■ Source data

+++++

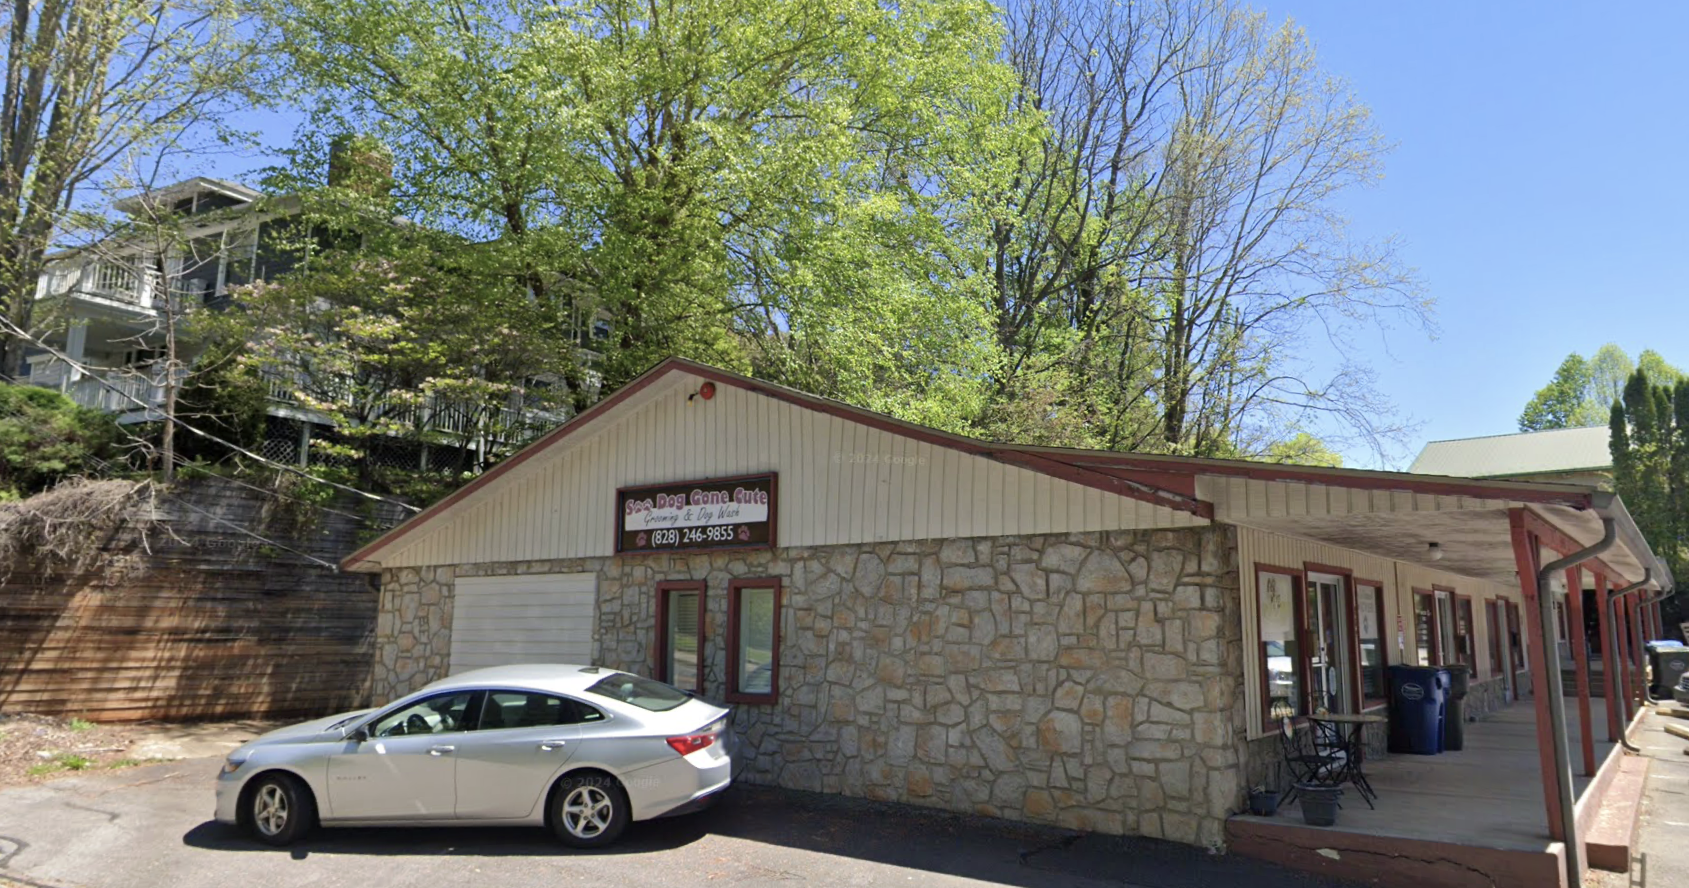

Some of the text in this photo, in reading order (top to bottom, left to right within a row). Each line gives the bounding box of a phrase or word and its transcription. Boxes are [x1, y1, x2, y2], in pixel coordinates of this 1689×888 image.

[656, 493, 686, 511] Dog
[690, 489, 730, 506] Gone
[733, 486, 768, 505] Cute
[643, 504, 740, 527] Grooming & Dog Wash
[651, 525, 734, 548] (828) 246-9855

+++++

■ Task instructions
Copy the records exactly. Skip the pictures.

■ Your response
Some of the text in this photo, in reading order (top to bottom, left to right within a row). Each line gives the bounding box of a phrase or word and its transcription. Boxes are [x1, y1, x2, y2], in pixel coordinates of this 1689×888 image.

[656, 493, 686, 511] Dog
[690, 489, 730, 506] Gone
[733, 486, 768, 505] Cute
[643, 504, 740, 527] Grooming & Dog Wash
[651, 525, 734, 548] (828) 246-9855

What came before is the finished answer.